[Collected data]
——————————

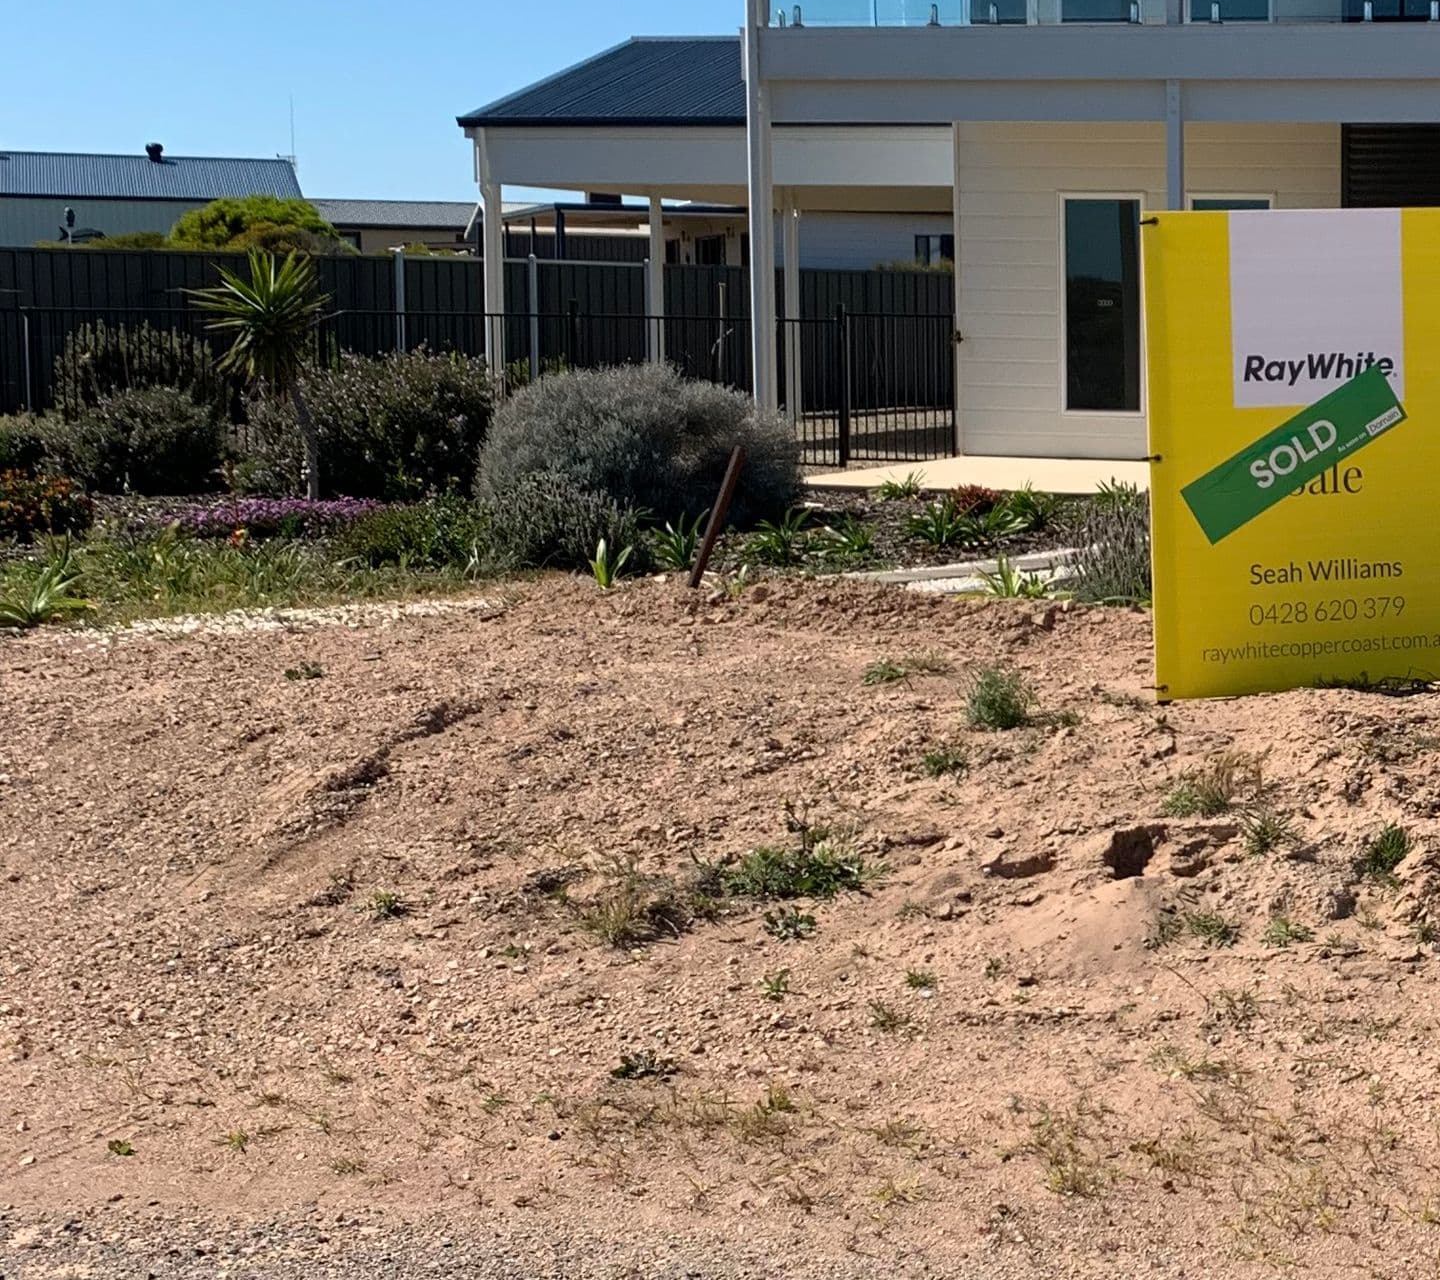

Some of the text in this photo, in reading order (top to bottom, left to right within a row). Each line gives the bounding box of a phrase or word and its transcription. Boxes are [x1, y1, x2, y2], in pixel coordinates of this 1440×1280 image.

[1368, 410, 1400, 434] Domain
[1249, 419, 1338, 489] SOLD
[1249, 558, 1404, 586] Seah Williams
[1249, 595, 1406, 626] 0428 620 379

——————————

→ **What you are asked to do**
Repeat, word for word, each of the records, omitting any image they hold.

→ **Written solution**
Some of the text in this photo, in reading order (top to bottom, left to right within a row). Each line gives the bounding box of a phrase or word and its transcription. Boxes are [x1, y1, x2, y2], in pixel coordinates of this 1440×1280 image.

[1368, 410, 1400, 434] Domain
[1249, 419, 1338, 489] SOLD
[1249, 558, 1404, 586] Seah Williams
[1249, 595, 1406, 626] 0428 620 379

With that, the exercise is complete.